Maja Chwalinska : le calme pour faire (encore) trembler la terre

6 juin 2026, 10:11:00 | par Mathieu Canac

Surprise du tournoi, issue des qualifications et inconnue du grand public avant d'éliminer Zheng Qinwen, Elise Mertens, María Sákkari, Diane Parry, Anna Kalinskaya et Diana Shnaider dans le tableau principal, Maja Chwalińska réussit l'une des performances les plus inattendues de l'histoire du tennis en gardant un calme olympien sur le court. Qualifiée pour la finale, elle a rendez-vous avec Mirra Andreeva ce samedi pour tenter d'atteindre le sommet d'une des montagnes sacrées du tennis, Roland-Garros.

Nul besoin de continuer à visualiser un lac paisible ou de vous imaginer chaudement emmitouflé dans un cocon de coton bleu pour ressentir le calme. Pour ce faire, il suffit de regarder Maja Chwalińska sur un court. Elle dégage une sérénité irradiante.

Une maîtrise d’elle-même qui n’a rien d’une mince affaire. La Polonaise de 24, qui a rendez-vous avec une Mirra Andreeva dotée comme elle d'un très haut QI tennis en finale de Roland-Garros ce samedi, n’est pas un robot.
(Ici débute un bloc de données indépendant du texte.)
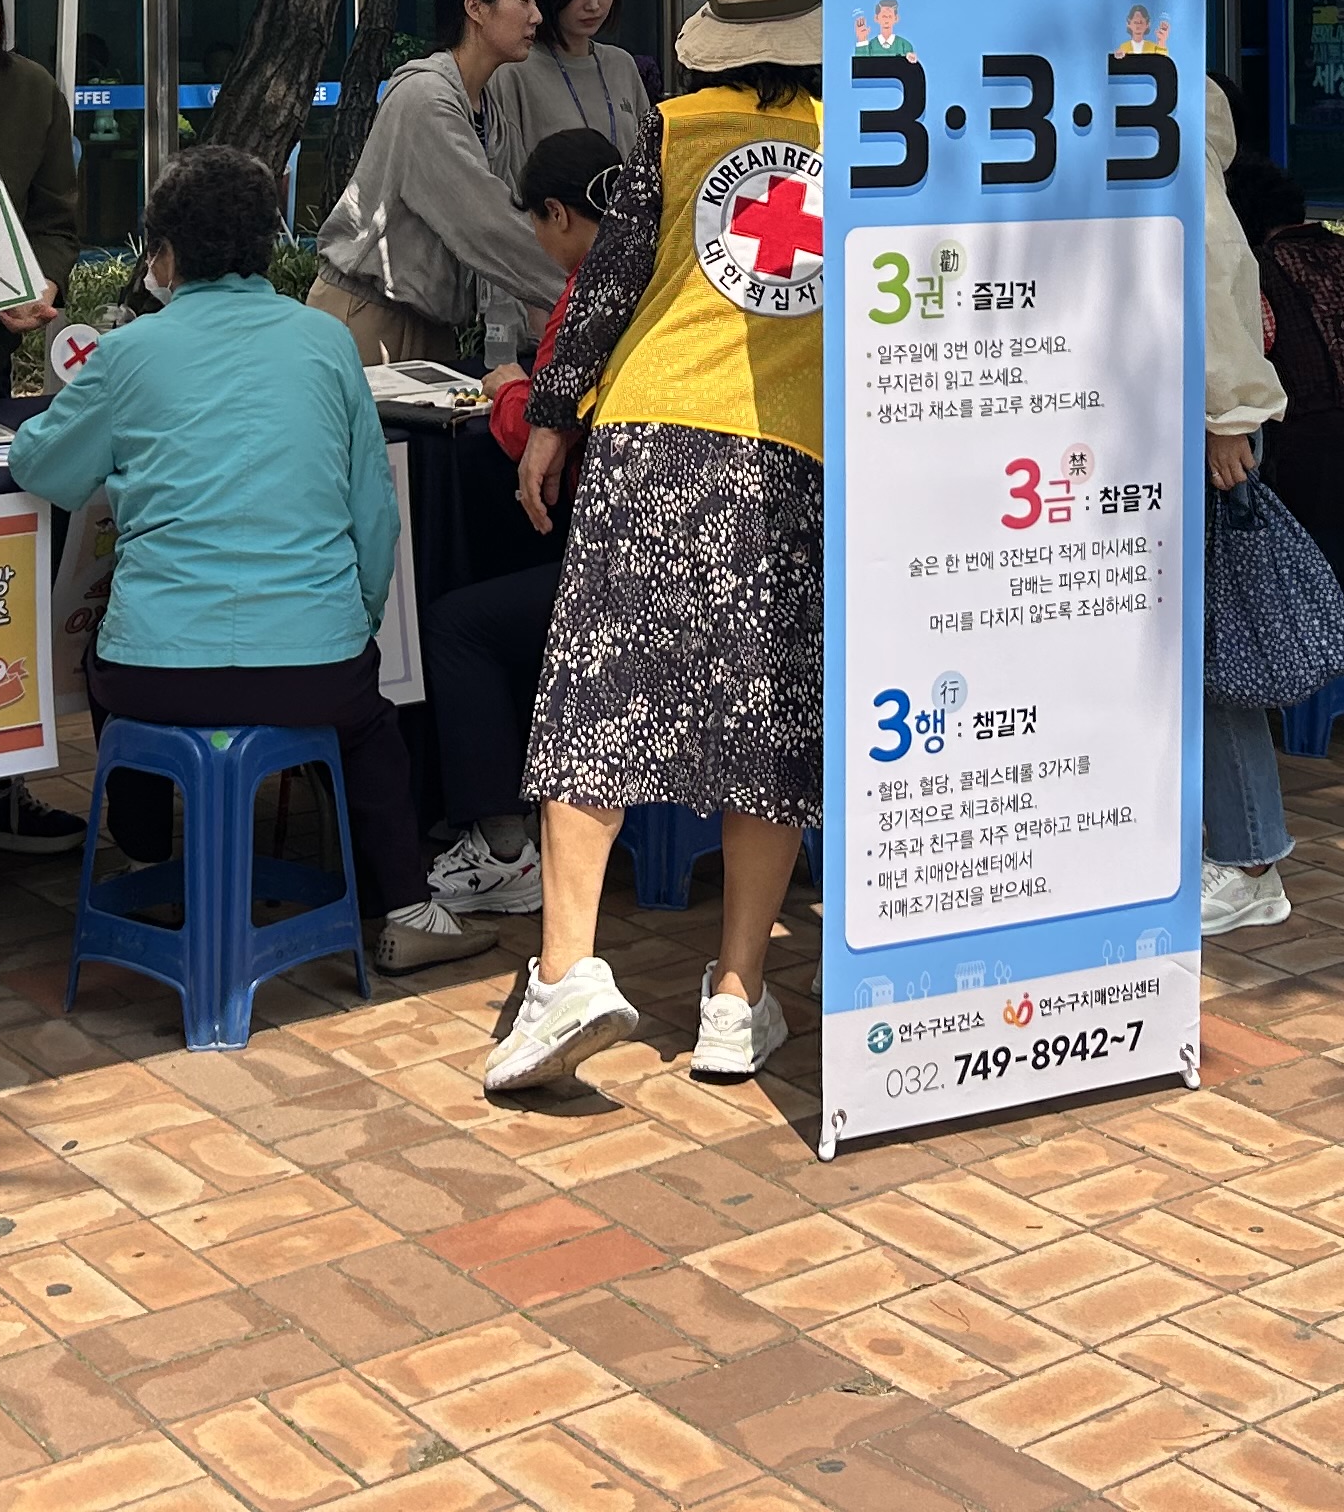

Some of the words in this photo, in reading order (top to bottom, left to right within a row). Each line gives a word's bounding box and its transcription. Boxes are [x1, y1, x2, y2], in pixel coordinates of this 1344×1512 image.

[75, 91, 111, 105] FFEE
[702, 145, 778, 207] KOREAN
[783, 146, 823, 178] RED
[703, 238, 823, 311] 대한적십자
[868, 252, 945, 324] 3권
[972, 280, 1037, 311] 즐길것
[877, 342, 938, 365] 일주일에
[943, 340, 968, 361] 3번
[974, 338, 1003, 358] 이상
[1009, 335, 1071, 356] 걸으세요.
[877, 372, 938, 394] 부지런히
[944, 370, 973, 390] 읽고
[979, 367, 1028, 387] 쓰세요.
[877, 402, 923, 424] 생선과
[928, 398, 973, 420] 채소를
[979, 395, 1024, 417] 골고루
[1029, 391, 1105, 412] 챙겨드세요.
[1068, 452, 1087, 476] 禁
[1001, 458, 1076, 529] 3금
[1099, 482, 1163, 514] 참을것
[908, 554, 939, 578] 술은
[945, 553, 959, 573] 한
[965, 551, 994, 572] 번에
[999, 546, 1053, 568] 3잔보다
[1058, 542, 1087, 564] 적게
[1091, 537, 1152, 558] 마시세요.
[1009, 574, 1053, 597] 담배는
[1058, 570, 1101, 591] 피우지
[1106, 565, 1152, 586] 마세요.
[929, 611, 974, 633] 머리를
[980, 606, 1024, 630] 다치지
[1029, 601, 1072, 624] 않도록
[1077, 594, 1152, 618] 조심하세요.
[940, 680, 960, 705] 行
[868, 688, 946, 762] 3행
[972, 705, 1038, 740] 챙길것
[878, 780, 913, 802] 혈압,
[919, 776, 953, 797] 혈당,
[960, 762, 1034, 789] 콜레스테롤
[1038, 755, 1091, 779] 3가지를
[878, 803, 954, 832] 정기적으로
[960, 792, 1038, 819] 체크하세요.
[878, 838, 924, 861] 가족과
[930, 830, 974, 855] 친구를
[979, 825, 1009, 847] 자주
[1014, 816, 1071, 842] 연락하고
[1077, 806, 1137, 831] 만나세요.
[878, 868, 908, 892] 매년
[914, 849, 1033, 885] 치매안심센터에서
[878, 887, 984, 921] 치매조기검진을
[989, 876, 1051, 903] 받으세요.
[899, 1010, 985, 1043] 연수구보건소
[1039, 977, 1160, 1017] 연수구치매안심센터
[886, 1062, 946, 1099] 032.
[955, 1020, 1144, 1086] 749-8942~7
Intérieurement, les émotions tourbillonnent. Mais sans la tournebouler, parce qu’elle sait aussi éviter de se tourmenter avec des pensées négatives.

Avant, quand je faisais un mauvais coup droit, je me disais : “Je suis nulle, vraiment nulle !”

Maja Chwalińska

Une leçon retenue de la dépression vécue entre 2019 et 2021, en raison de nombreuses blessures — poignet, genou, coude, main — et des « coups de poing mentaux » qu’elle s’infligeait dans le combat face à ses propres attentes. Au point d’aller au tapis et ne plus toucher la raquette pendant trois mois.
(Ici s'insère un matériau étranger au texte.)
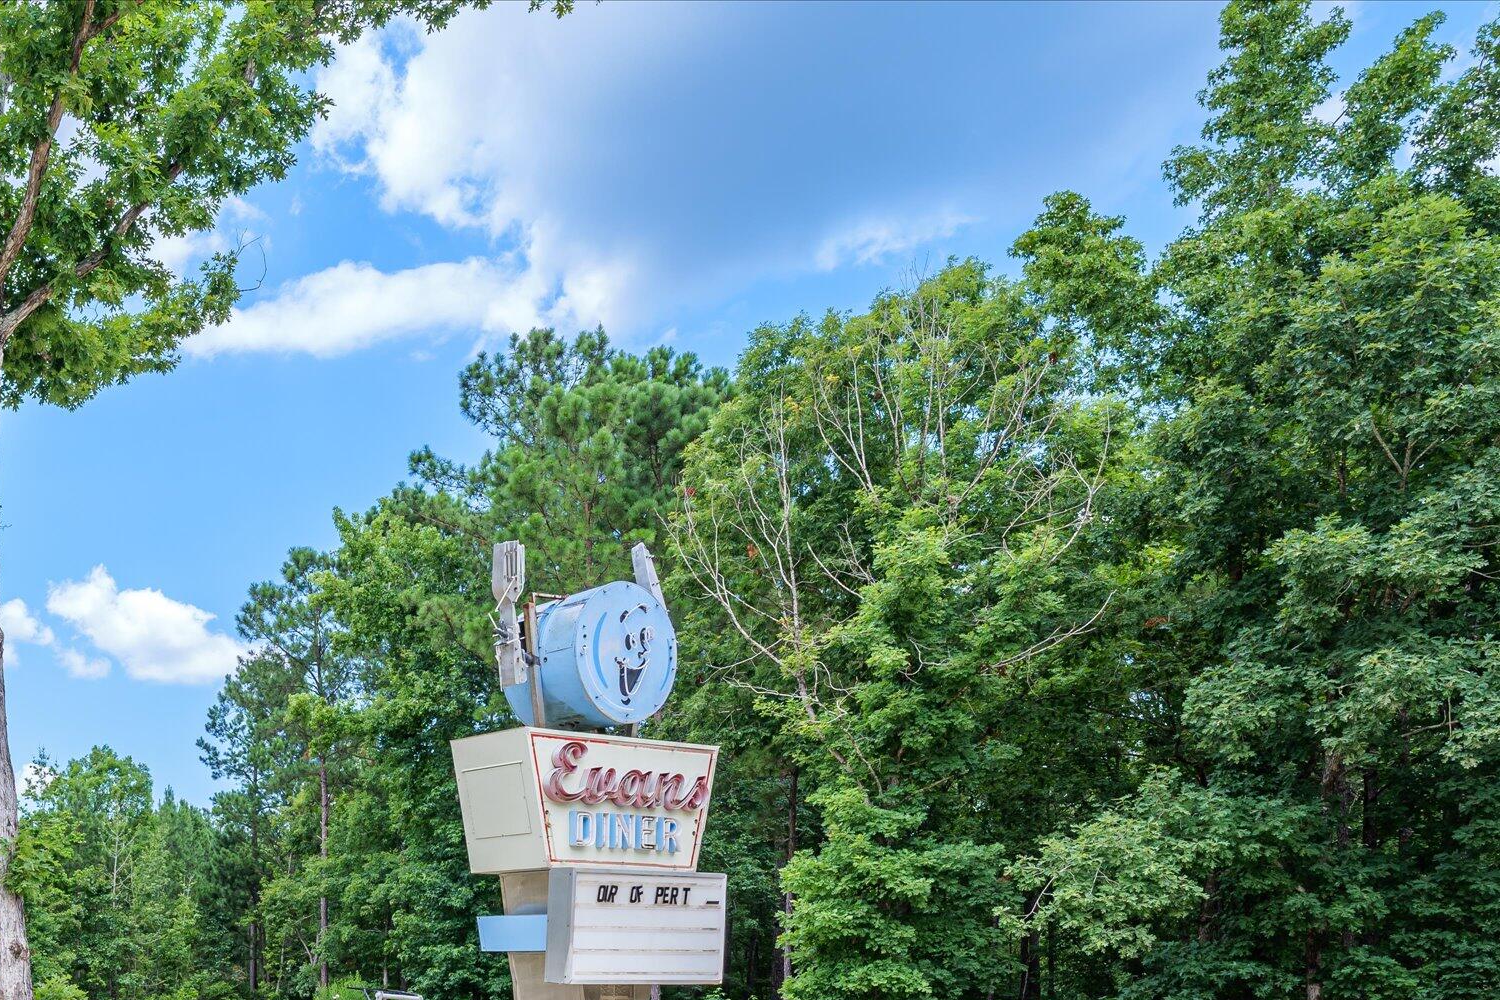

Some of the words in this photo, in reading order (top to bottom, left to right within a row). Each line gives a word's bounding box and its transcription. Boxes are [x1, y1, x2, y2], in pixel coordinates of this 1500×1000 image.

[543, 742, 709, 812] Evans
[569, 810, 683, 854] DINER
[629, 885, 644, 904] OF
« Je ne suis plus aussi dure avec moi-même, je ne me punis plus, j’essaie de contrôler mon monologue intérieur,a-t-elle confié en s’extirpant des qualifications à Wimbledon fin juin 2022¹. Là où, un an auparavant, elle avait décidé de se retirer du circuit jusqu’à début octobre.

« Avant, quand je faisais un mauvais coup droit, je me disais : “Je suis nulle, vraiment nulle !”, a-t-elle ajouté. On pourrait croire que ce n’est pas grand-chose, mais à force de se le répéter, ça devient écrasant. Je fais des exercices de respiration et j’essaie de contrôler mes pensées, ou de simplement les laisser filer. »

Chwalińska et Raducanu, seules dans l'histoire du tennis

Visage impassible, la petite gauchère de 1,64 m au jeu tout en variations qui enchante le public de Paris au fur et à mesure que ses adversaires déchantent est lancée dans un exploit hors du commun. Avec Emma Raducanu — titrée à l’US Open en 2021 —, Chwalińska, 114e mondiale, est la seule personne de l’histoire pouvant se targuer d’avoir atteint une finale de Grand Chelem en sortant des qualif’.

Restant « dans [s]a bulle », elle n’en prend « toujours pas conscience ». Une façon de s’aider à garder son calme, avant la tempête d’émotions si elle venait à faire tomber Andreeva. De quoi provoquer une nouvelle secousse sismique, une de plus dans ce grand tremblement de terre qu'est RG 2026.

1 - Elle avait ensuite passé un tour dans le tableau principal de Wimbledon 2022, son unique match gagné en Grand Chelem avant de débarquer à Roland-Garros en 2026.